Reforestation sites in Gunubng Leuser National Park

Restoration Sites in Gunung Lesuer

What’s the process of reforestation?

Stage 1 Month 1-3

  • Meeting with the local park rangers and police to ensure everyone is in agreement that plantation is illegal and needs reforesting.
  • Talking with local villages to understand their views and work out how supportive they will be

This is the stage we have reached in Sineubeuk Kranji, Bukit Gadang and Singkil.

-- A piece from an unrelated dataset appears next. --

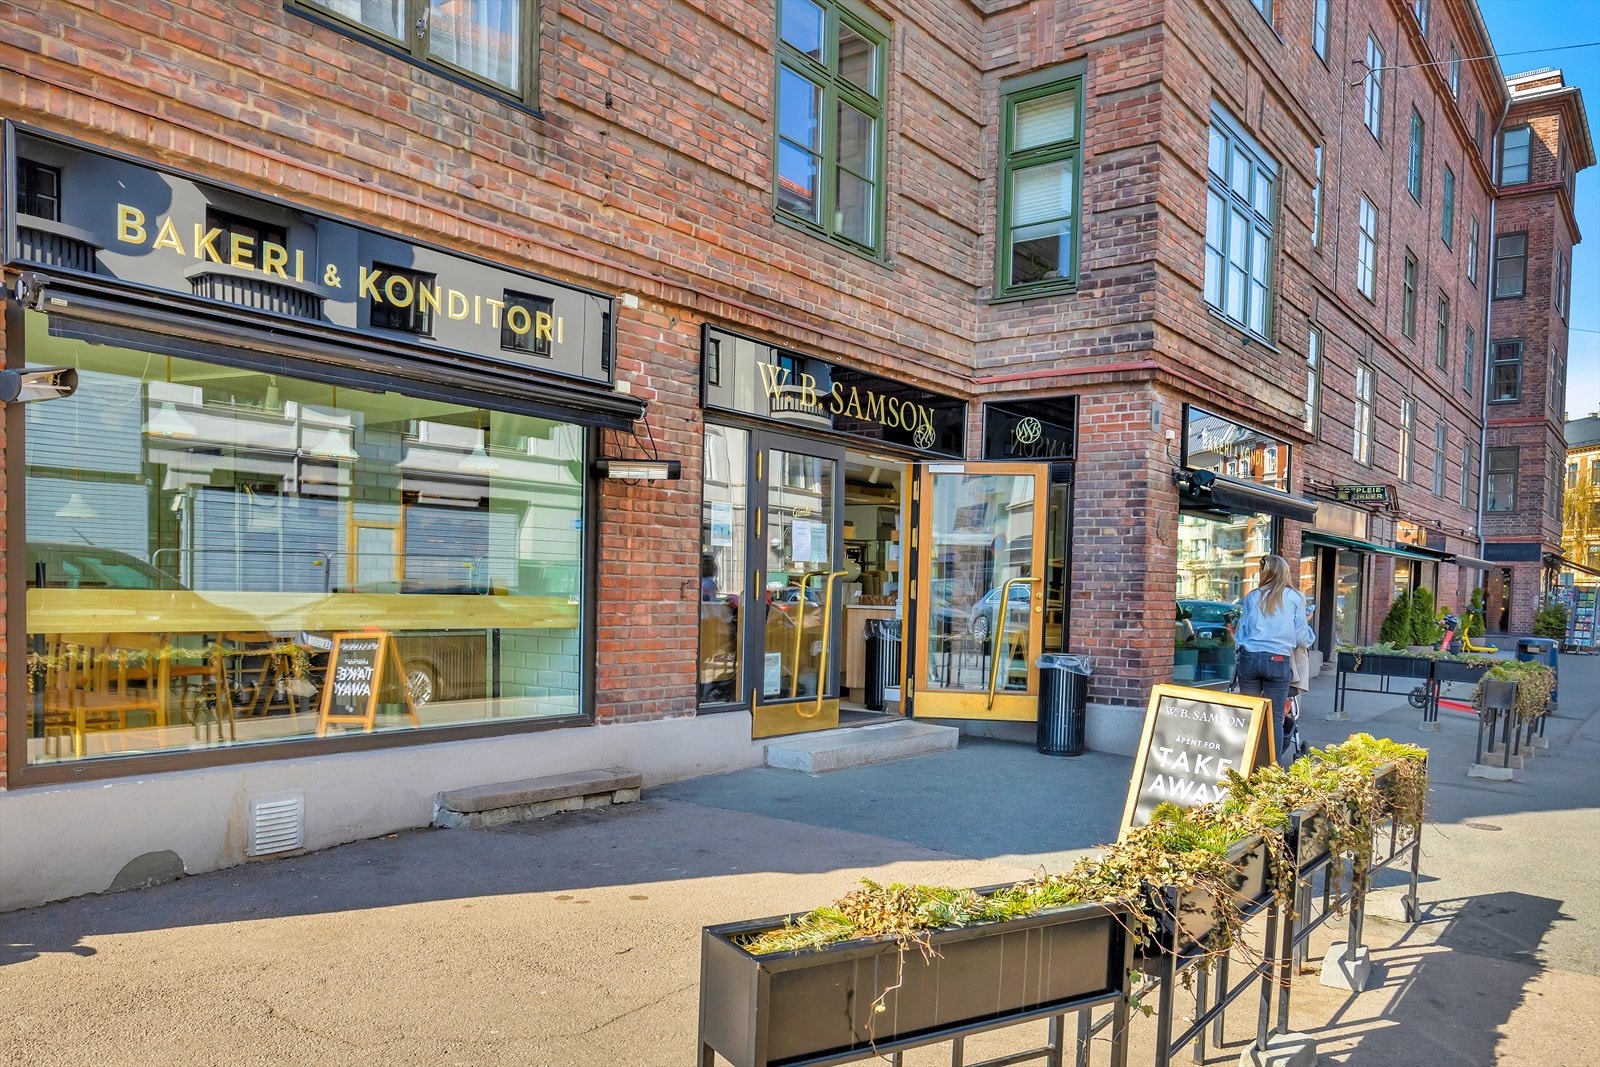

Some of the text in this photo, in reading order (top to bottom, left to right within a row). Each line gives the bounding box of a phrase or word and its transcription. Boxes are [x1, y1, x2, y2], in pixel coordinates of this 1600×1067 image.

The locals are helping to construct the reforestation cabins.

Meeting with villagers North Sumatra

 

building reforestation cabin North Sumatra

Stage 2 – Month 3-4

  • Recruit paid staff and helpers to chainsaw existing oil palm plantation and clear the ground
  • Build reforestation cabin with bedroom and bathroom to house and feed staff
  • Training sessions with locals to help them learn which seeds to look for
  • Build seedling nursery and get local village women to begin collecting seeds from within the forest

The team in Baharok have cleared the area and built the cabin and are now in the process of planting small seedlings.

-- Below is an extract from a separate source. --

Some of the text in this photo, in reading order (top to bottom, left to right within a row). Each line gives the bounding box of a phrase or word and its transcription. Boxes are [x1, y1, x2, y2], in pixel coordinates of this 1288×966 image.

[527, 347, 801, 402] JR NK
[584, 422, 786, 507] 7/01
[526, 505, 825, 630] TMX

Seedlings to replant rainforest

Growing seedlings

Stage 3. Month 5-12

  • Grow seedlings in the nursery
  • Prepare soil for planting
  • Begin Transplanting fast growing pioneer seedlings to reforestation zone
  • Weeding and soil improvement
  • Birds return to the area, enriching the soil and spreading seeds

Cinta Raja III site is at this stage and already, the camera traps are showing the return of birds and small mammals. In this site, the team and local village volunteers have between them have already planted 33,000 seedlings in the reforestation zone. This is around 160 seedlings a day just in terms of the transplanting. Before that can happen, the seeds have to be found and grown into viable seedlings. This gives you an idea of the scale of the task involved in reforesting a 30 hectare plot. (That’s 30 Trafalgar Squares if it helps to picture it).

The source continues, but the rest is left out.